Your assignment: Omit the images and retype the records verbatim.
Dataset extract Block Start
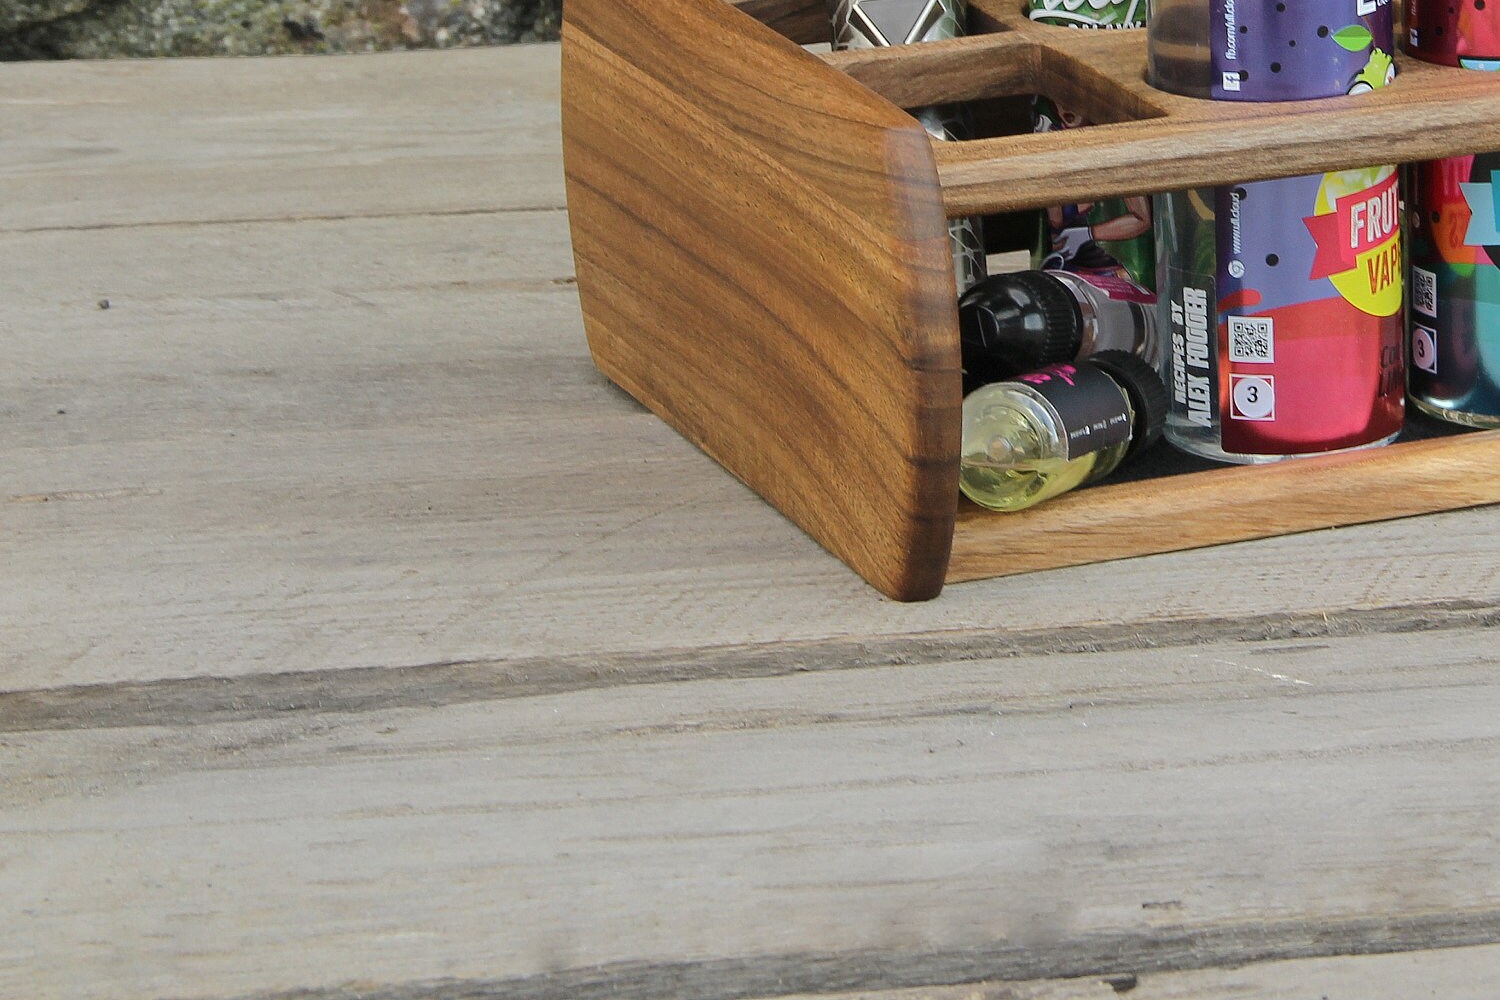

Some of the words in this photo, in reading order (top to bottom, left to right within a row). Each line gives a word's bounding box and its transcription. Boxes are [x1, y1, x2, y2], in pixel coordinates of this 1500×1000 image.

[1170, 300, 1184, 326] BY
[1183, 287, 1209, 369] FOGGER
[1172, 332, 1187, 405] RECIPES
[1417, 339, 1425, 358] 3
[1187, 373, 1212, 428] ALEX
[1247, 386, 1258, 403] 3
Dataset extract Block End
Task solution:
Some of the words in this photo, in reading order (top to bottom, left to right within a row). Each line gives a word's bounding box and its transcription. Boxes are [x1, y1, x2, y2], in pixel coordinates of this 1500×1000 image.

[1170, 300, 1184, 326] BY
[1183, 287, 1209, 369] FOGGER
[1172, 332, 1187, 405] RECIPES
[1417, 339, 1425, 358] 3
[1187, 373, 1212, 428] ALEX
[1247, 386, 1258, 403] 3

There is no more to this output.